Coronakrise: Darauf haben sich Bund und Länder geeinigt

Kanzlerin Merkel und die Ministerpräsidenten haben fast den ganzen Tag um das weitere Vorgehen in der Coronakrise gerungen. Mit über drei Stunden Verspätungen wurden folgende Punkte festgelegt.

  • Da die Zahlen wieder steigen, wird es keine weiteren Lockerungen geben.
  • Großveranstaltungen bleiben bis Ende des Jahres verboten
  • Alle Bundesländer außer Sachsen-Anhalt haben sich darauf geeinigt, ein Mindestbußgeld von 50 Euro für Maskenverweigerer einzuführen. In Bayern bleibt es beim Bußgeld von 250 Euro.
  • Im Bahnfernverkehr sollen die Verkehrsminister dafür sorgen, dass Bahnkontrolleure die 50 Euro von Maskenverweigerern einkassieren, nicht als Bußgeld, sondern als erhöhtes Fahrtgeld.
  • Die kostenlosen Coronatests für Urlaubsrückkehrer aus Ländern, die kein Corona-Risikogebiet sind, sollen am 15. September enden. In Bayern werden sie aber bis mindestens Ende September fortgeführt.

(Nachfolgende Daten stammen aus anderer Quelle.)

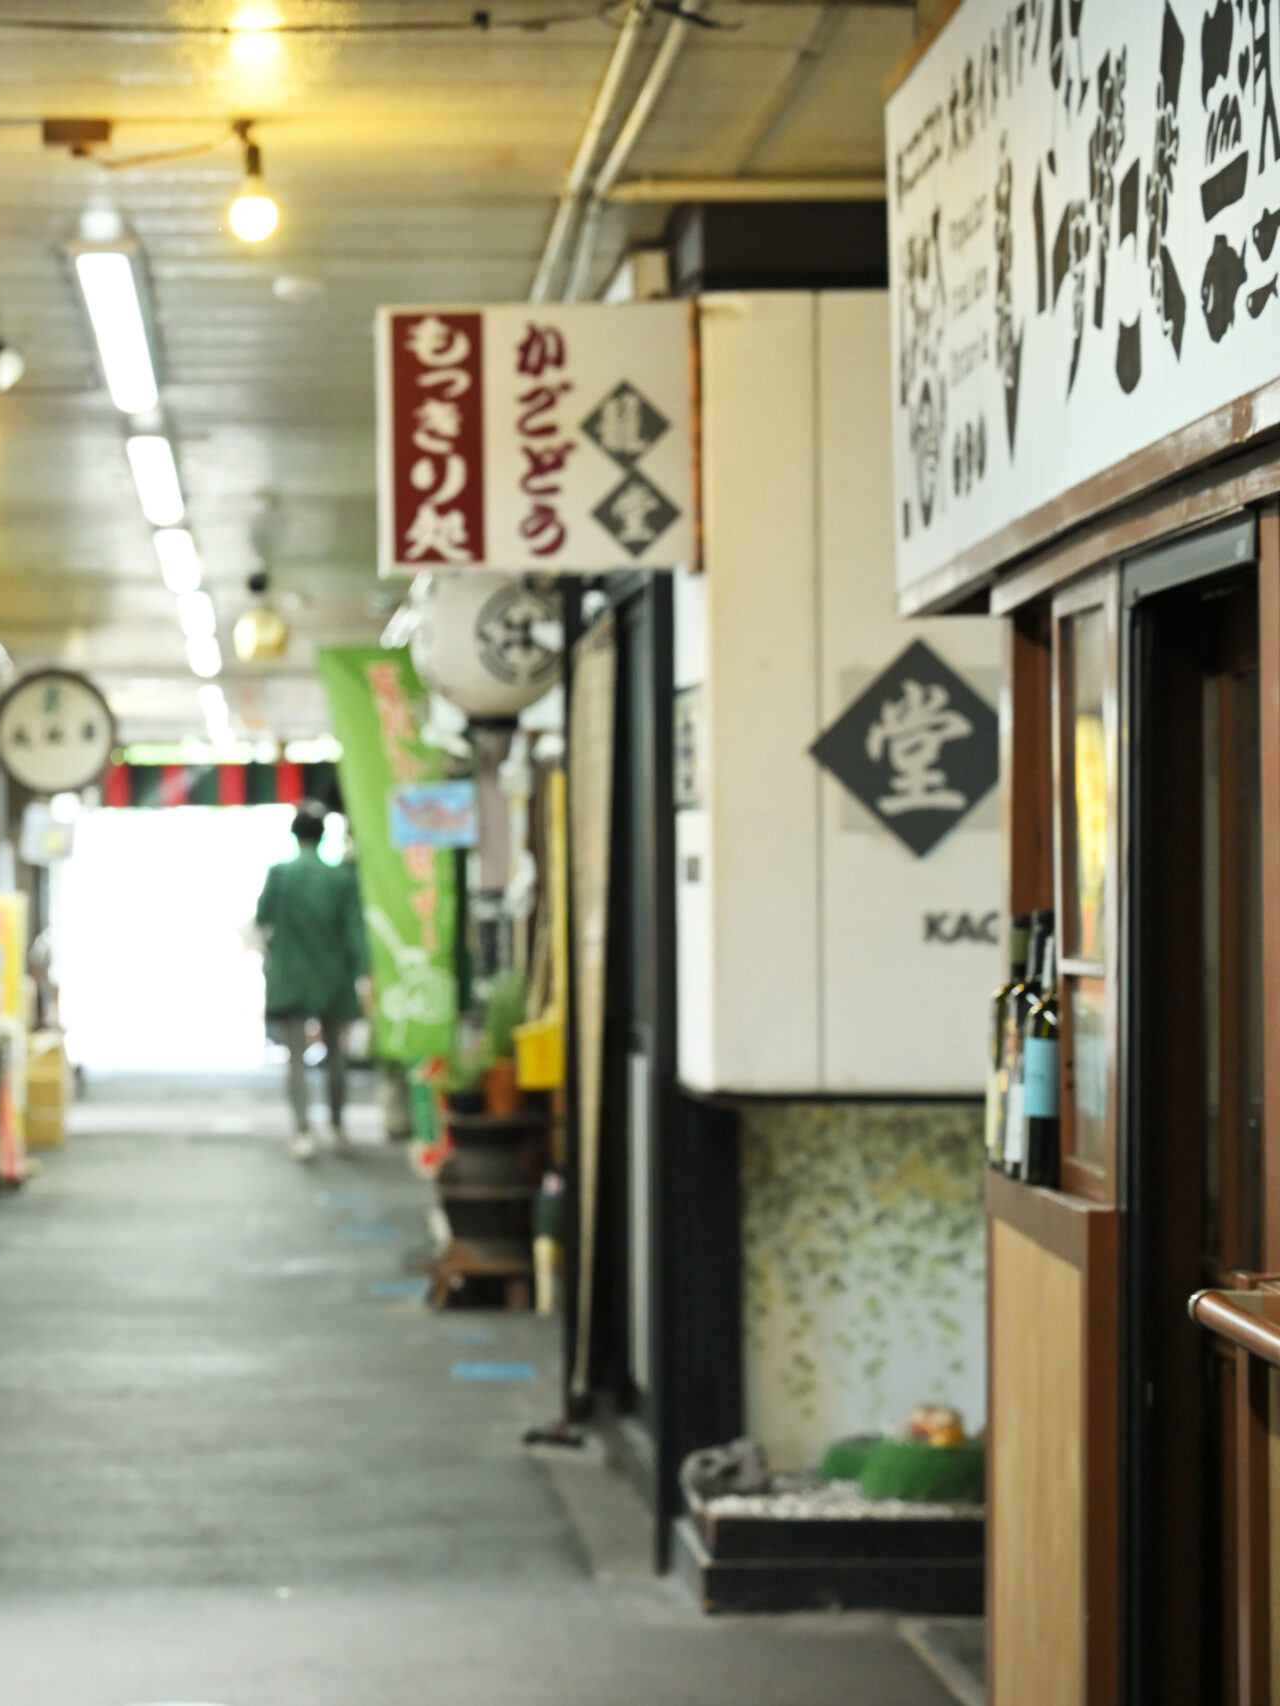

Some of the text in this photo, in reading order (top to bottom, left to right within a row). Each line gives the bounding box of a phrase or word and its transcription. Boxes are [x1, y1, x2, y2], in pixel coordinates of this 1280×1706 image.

[404, 315, 472, 561] もっきり処
[514, 321, 577, 557] かごどう
[864, 677, 973, 818] 堂
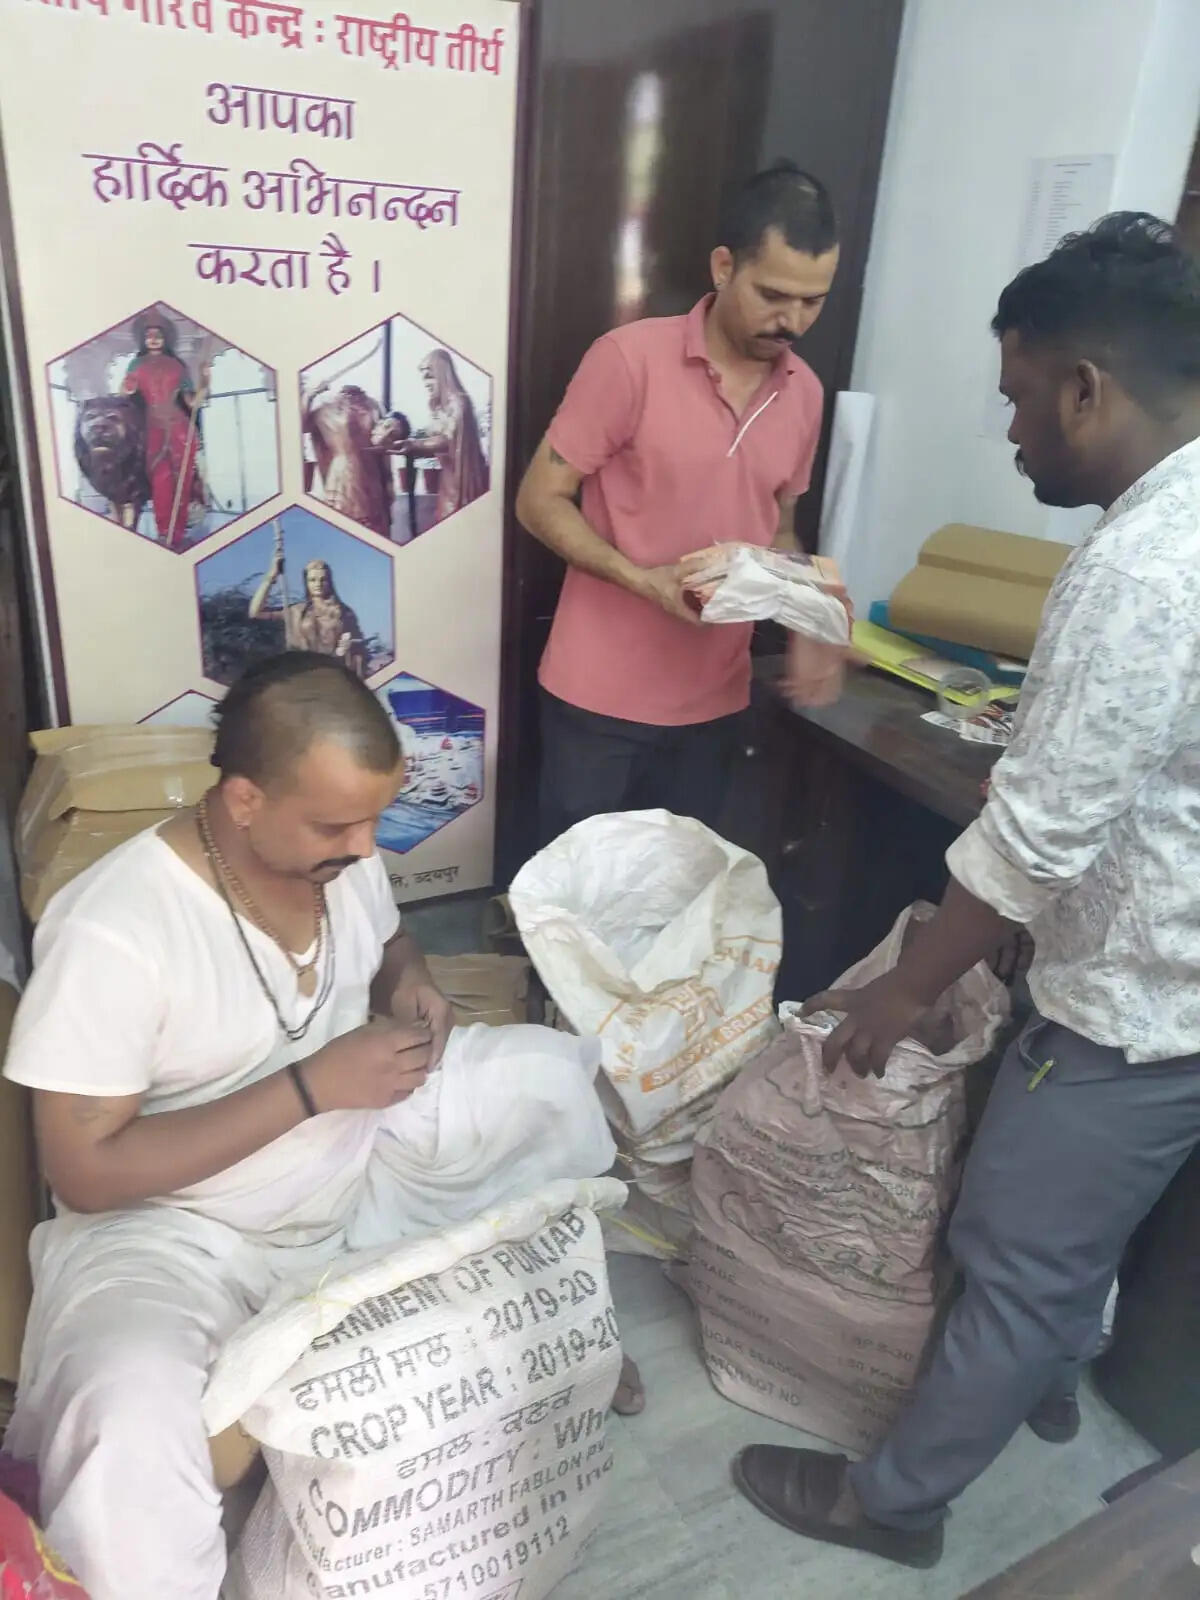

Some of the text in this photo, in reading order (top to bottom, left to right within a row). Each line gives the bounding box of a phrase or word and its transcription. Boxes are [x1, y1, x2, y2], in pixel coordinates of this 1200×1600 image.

[334, 12, 440, 71] राष्ट्रीय
[445, 23, 505, 75] तीर्थ
[205, 82, 356, 140] आपका
[81, 142, 463, 229] हार्दिक अभिनन्दन
[187, 242, 310, 289] करता
[319, 232, 352, 295] है
[454, 1257, 494, 1295] OF
[492, 1209, 586, 1278] PUNJAB
[482, 1269, 598, 1340] 2019-20
[311, 1404, 408, 1460] CROP
[413, 1366, 503, 1431] YEAR
[520, 1305, 621, 1385] 2019-20
[553, 1407, 607, 1450] Wh
[539, 1488, 567, 1514] in
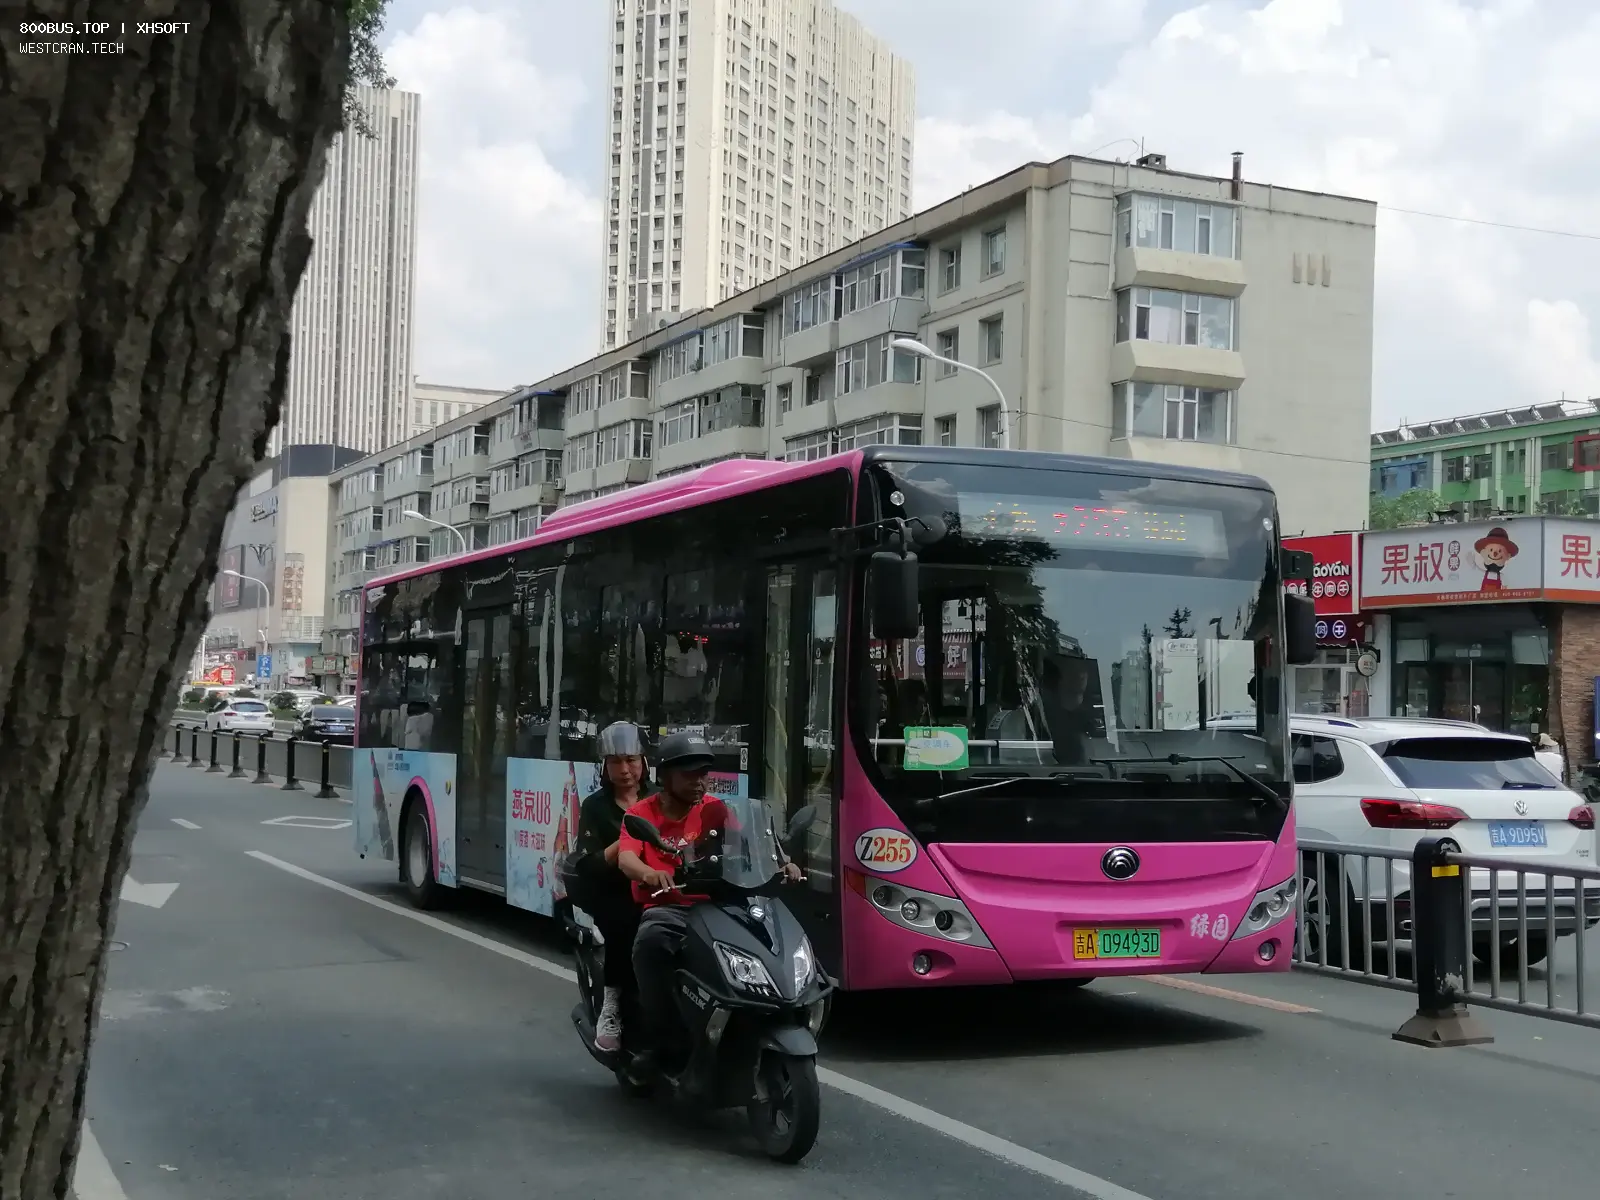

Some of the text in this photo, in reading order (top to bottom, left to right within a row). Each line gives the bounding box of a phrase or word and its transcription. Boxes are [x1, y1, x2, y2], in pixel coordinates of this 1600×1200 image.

[1381, 543, 1444, 584] 果叔
[1561, 534, 1600, 578] 果
[512, 789, 551, 825] 燕京U8
[860, 836, 911, 863] Z255
[1190, 913, 1229, 940] 绿园
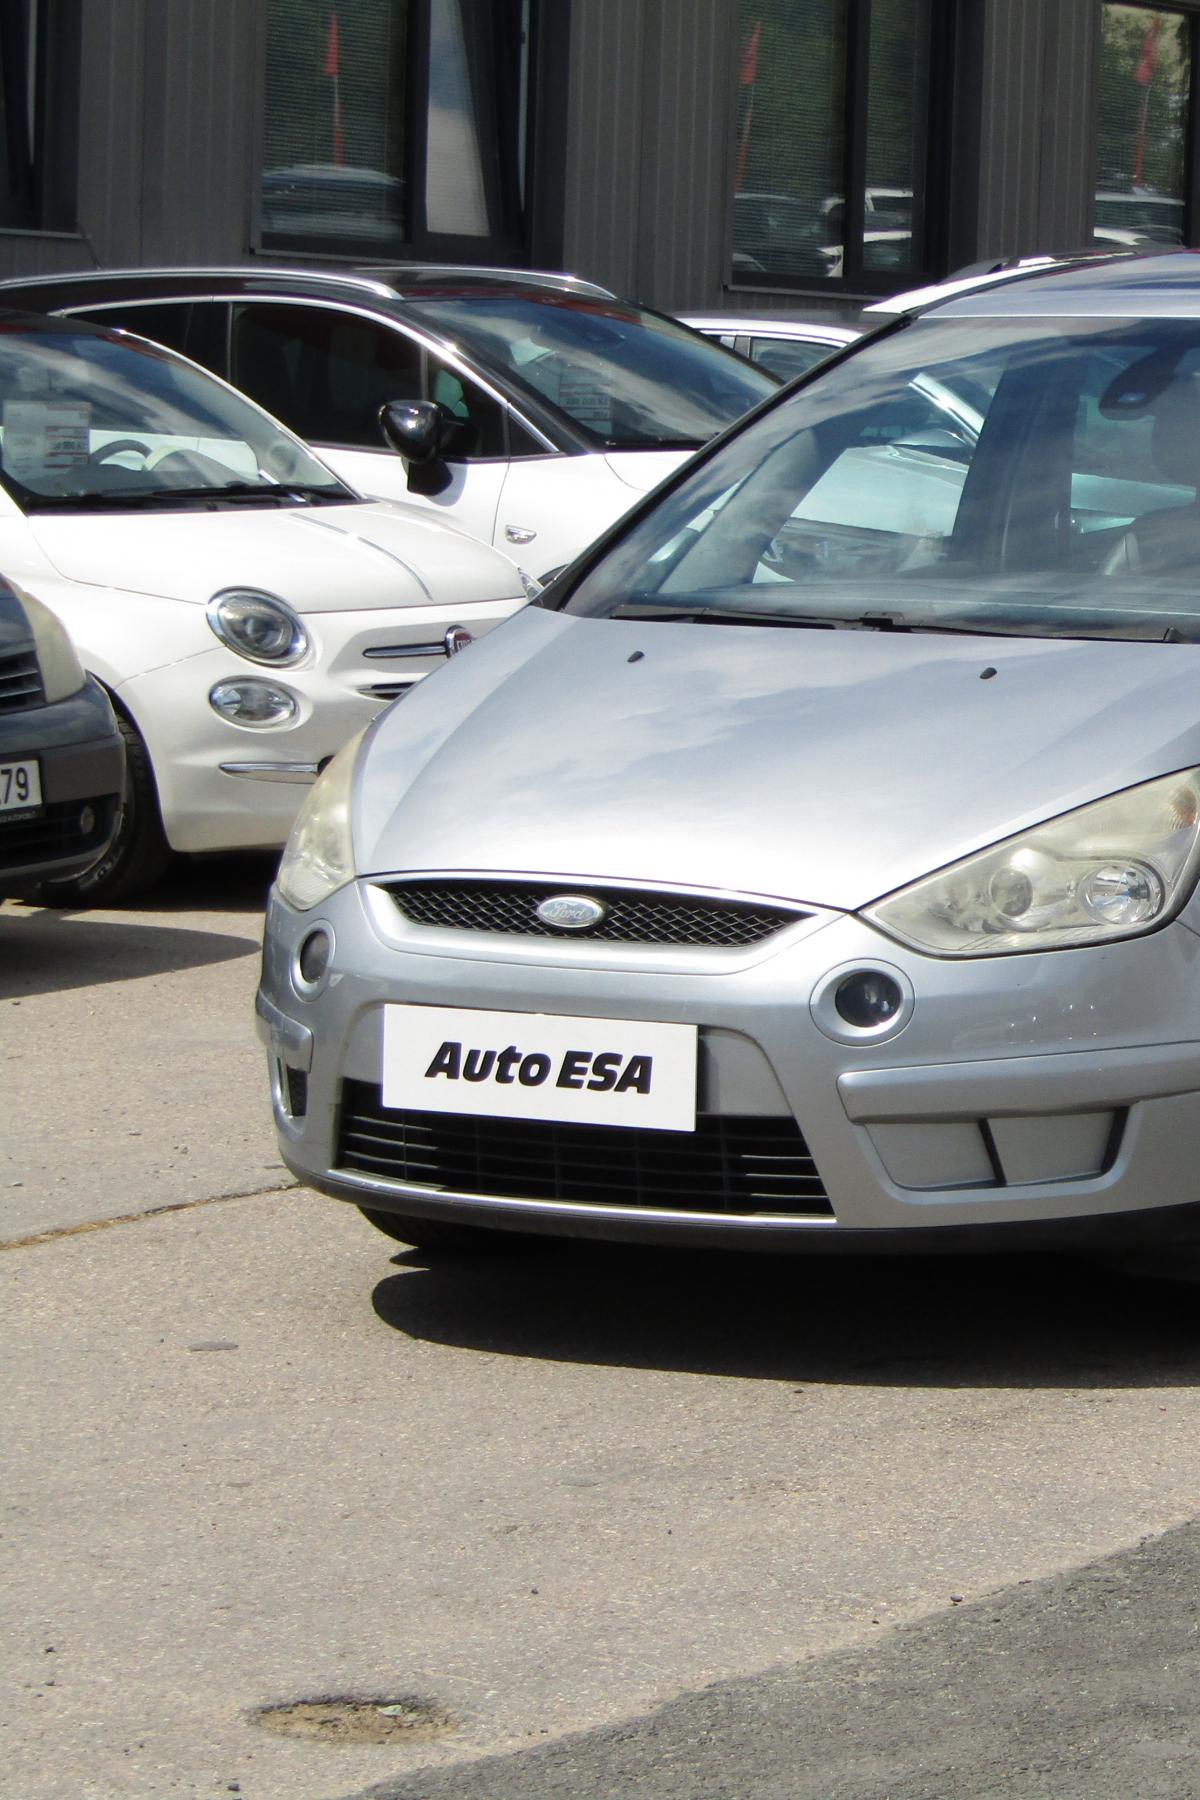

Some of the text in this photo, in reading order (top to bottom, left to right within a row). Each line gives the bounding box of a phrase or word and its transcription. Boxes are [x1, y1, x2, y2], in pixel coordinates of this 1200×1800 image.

[547, 901, 586, 920] Ford
[424, 1041, 653, 1094] Auto ESA

  • Ab dem 01. Oktober sollen alle Rückkehrer aus Risikogebieten eine 14-tägige Quarantäne beginnen. Diese kann nur vorzeitig enden, wenn ein negativer Coronatest vorliegt, der frühestens am 5. Tag nach der Rückkehr gemacht wurde.
  • Wer eine nicht notwendige Reise in ein Land macht, das schon vor Reiseantritt als Risikogebiet eingestuft worden war, wird ab Oktober auch keinen Lohnersatz mehr vom Staat erhalten. Sprich, diese Menschen müssen dann für die Zeit der Quarantäne Urlaub nehmen oder komplett auf ihr Gehalt verzichten. Notwendige Reisen sind laut Ministerpräsident Söder z.B. Geschäftsreisen oder wenn ein Familienmitglied im Ausland gestorben ist.
  • Bundeskanzlerin Merkel betonte noch einmal, dass Eltern fünf Tage extra zuhause bleiben dürfen, wenn die eigenen Kinder krank sind. Dies wurde beschlossen, weil viele Kinder schon mit einem Schnupfen nicht in die Schule oder Kita dürfen.
  • Wann dürfen Fans wieder ins Fußballstadion? Vorerst nicht. Eine Arbeitsgruppe soll bis Ende Oktober festlegen, wie es mit großen Sportveranstaltungen weitergehen kann. Die Fußball-Bundesliga startet also Mitte September ohne Zuschauer.
  • Eine einheitliche Beschränkung der Gästezahl bei Privatfeiern gibt es nicht. Alle Ministerpräsidenten seien sich aber einig gewesen, dass Privatfeiern ein großes Problem darstellen und die Gästezahl begrenzt werden muss. Dies macht aber jedes Bundesland selbst. In Bayern dürfen aktuell bis zu 100 Gäste zu Privatfeiern wie Hochzeiten oder Geburtstagen kommen, die drinnen ausgerichtet werden. Bei Outdoor-Feiern sind bis zu 200 Gäste erlaubt.
  • Bayern wird bis mindestens Ende September kostenlose Coronatests für alle anbieten, das teile Ministerpräsident Söder mit.